Could the entries below be transcribed word for word, with the pictures omitted?

--- Supplied data Enclosed Below ---

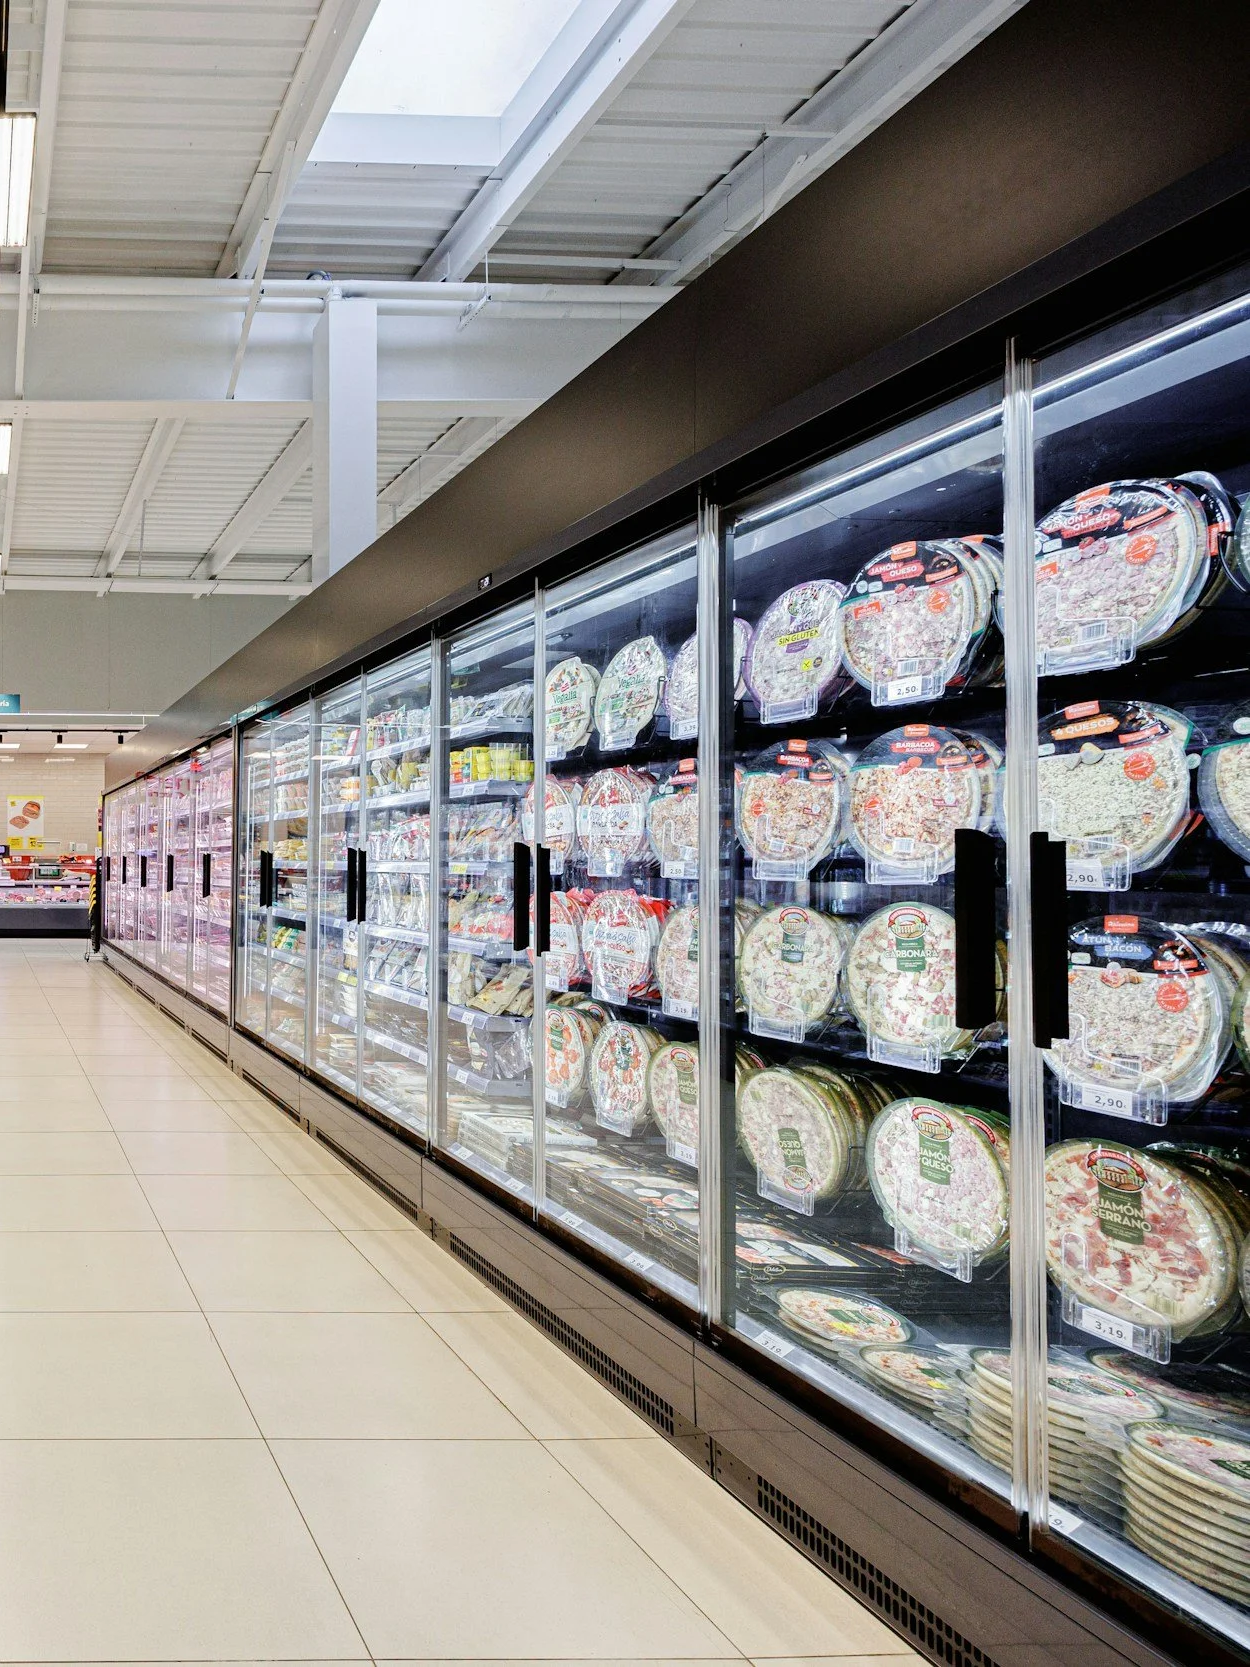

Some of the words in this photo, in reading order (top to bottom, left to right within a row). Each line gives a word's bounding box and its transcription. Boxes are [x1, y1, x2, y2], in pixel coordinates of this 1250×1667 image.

[889, 565, 918, 577] QUESO
[778, 636, 790, 646] SIN
[1065, 717, 1114, 734] QUESOS
[884, 949, 939, 958] CARBONARA
[919, 1146, 950, 1162] JAMÓN
[921, 1157, 954, 1174] QUESO
[1099, 1198, 1145, 1220] JAMÓN
[1092, 1208, 1152, 1233] SERRANO
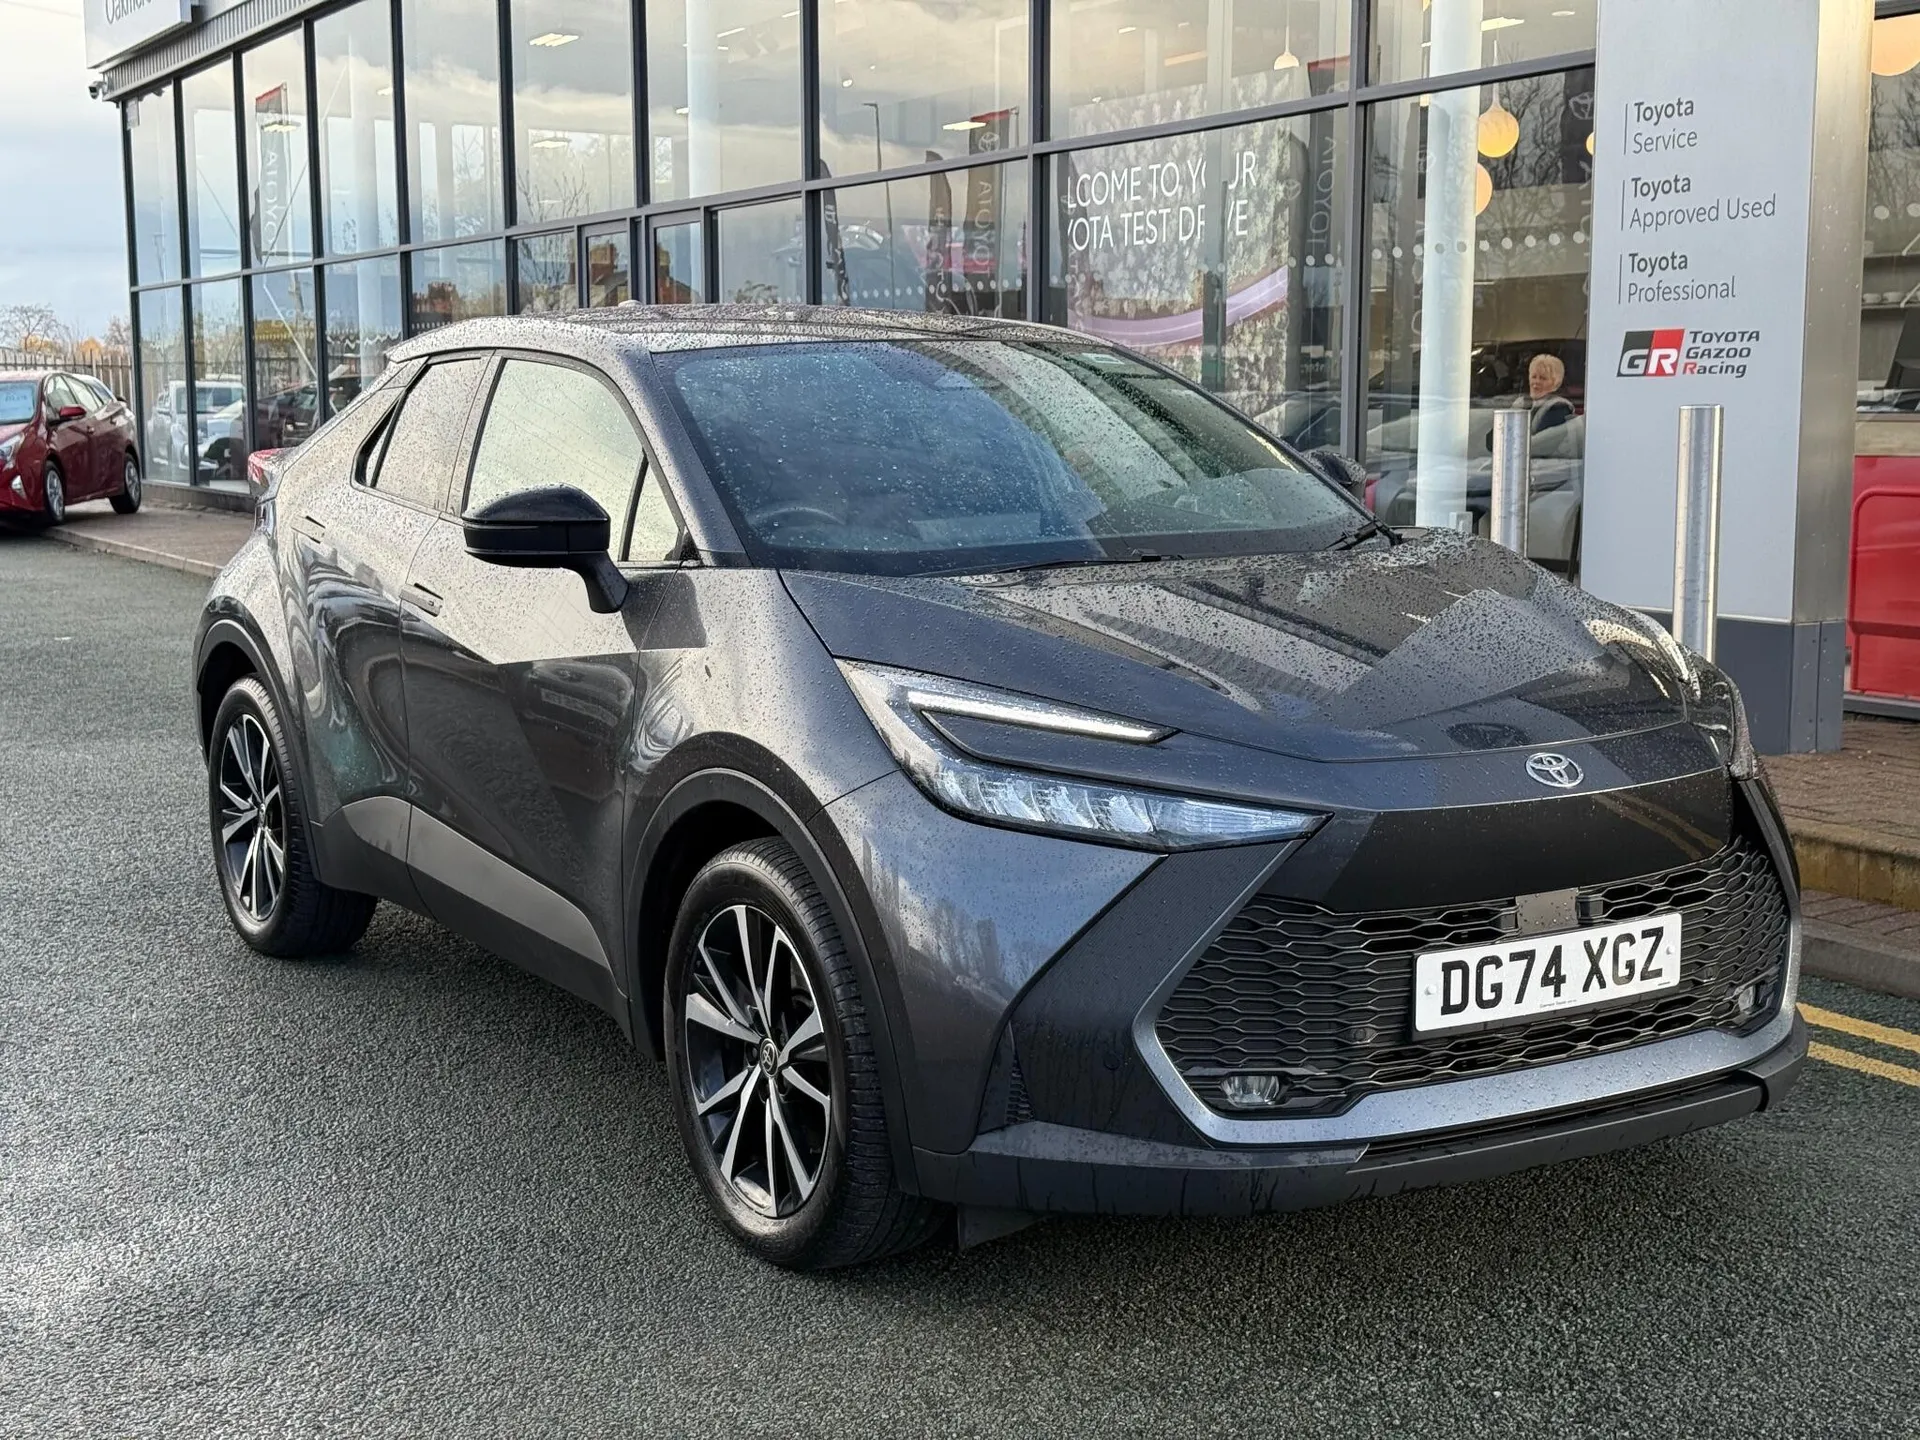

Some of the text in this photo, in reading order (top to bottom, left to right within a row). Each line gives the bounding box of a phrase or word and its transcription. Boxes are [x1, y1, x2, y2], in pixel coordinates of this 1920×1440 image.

[1634, 97, 1694, 126] Toyota
[1632, 128, 1698, 154] Service
[1149, 161, 1180, 200] TO
[1631, 174, 1691, 201] Toyota
[1629, 193, 1777, 233] Approved Used
[1121, 208, 1172, 247] TEST
[1628, 251, 1688, 277] Toyota
[1627, 275, 1736, 303] Professional
[1689, 330, 1760, 344] TOYOTA
[1619, 348, 1678, 376] GR
[1685, 347, 1752, 360] GAZOO
[1682, 361, 1747, 379] Racing
[1440, 926, 1665, 1016] DG74 XGZ
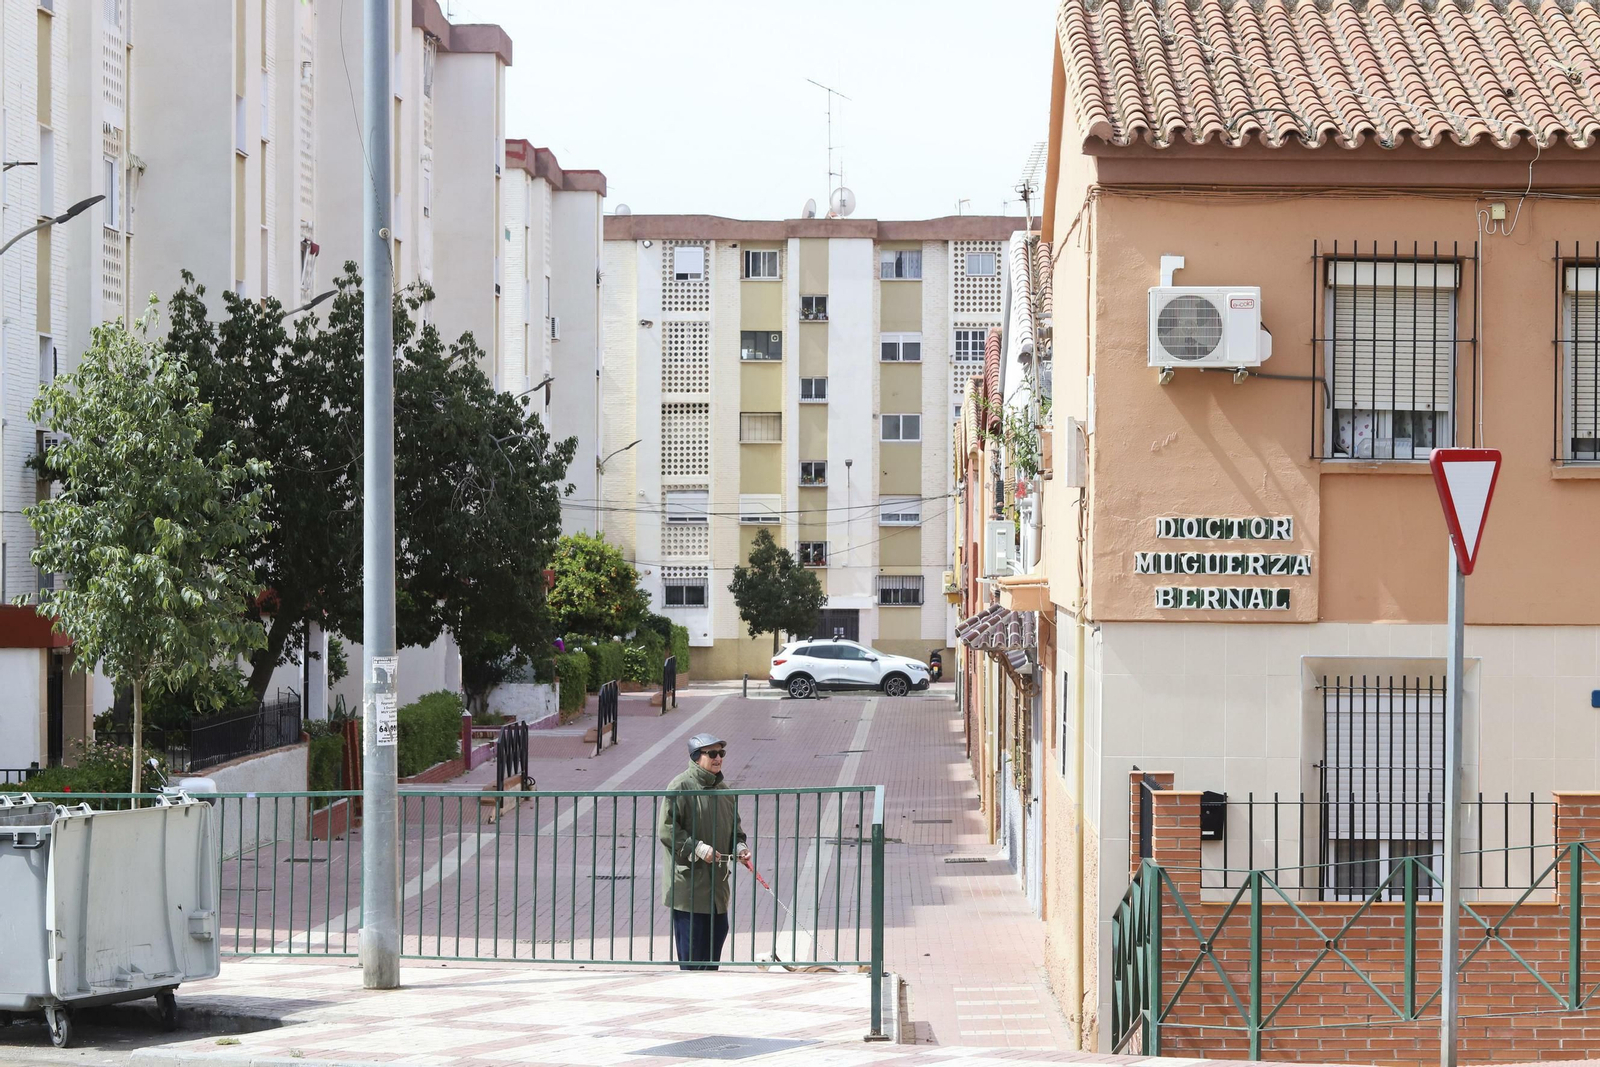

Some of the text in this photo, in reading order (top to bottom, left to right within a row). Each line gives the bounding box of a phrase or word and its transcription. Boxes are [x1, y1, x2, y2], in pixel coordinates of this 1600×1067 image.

--- End of Enclosed Supplied data ---

Result below
Some of the words in this photo, in reading order (top to bottom, left to right within a row). Each line gives a word's bounding box and its transcription. Boxes are [x1, y1, x2, y2], in pixel coordinates of this 1250×1667 image.

[889, 565, 918, 577] QUESO
[778, 636, 790, 646] SIN
[1065, 717, 1114, 734] QUESOS
[884, 949, 939, 958] CARBONARA
[919, 1146, 950, 1162] JAMÓN
[921, 1157, 954, 1174] QUESO
[1099, 1198, 1145, 1220] JAMÓN
[1092, 1208, 1152, 1233] SERRANO

Some of the text in this photo, in reading order (top to bottom, left to right within a row). Each line gives the bounding box of a phrase or word and its transcription. Boxes are [x1, y1, x2, y2], in pixel coordinates of this 1920×1440 image.

[1634, 97, 1694, 126] Toyota
[1632, 128, 1698, 154] Service
[1149, 161, 1180, 200] TO
[1631, 174, 1691, 201] Toyota
[1629, 193, 1777, 233] Approved Used
[1121, 208, 1172, 247] TEST
[1628, 251, 1688, 277] Toyota
[1627, 275, 1736, 303] Professional
[1689, 330, 1760, 344] TOYOTA
[1619, 348, 1678, 376] GR
[1685, 347, 1752, 360] GAZOO
[1682, 361, 1747, 379] Racing
[1440, 926, 1665, 1016] DG74 XGZ

Some of the text in this photo, in reading order (top to bottom, left to right within a row). Each line gives the bounding box of a phrase or word and its transcription. Boxes are [x1, y1, x2, y2], in pixel coordinates of this 1600×1067 image.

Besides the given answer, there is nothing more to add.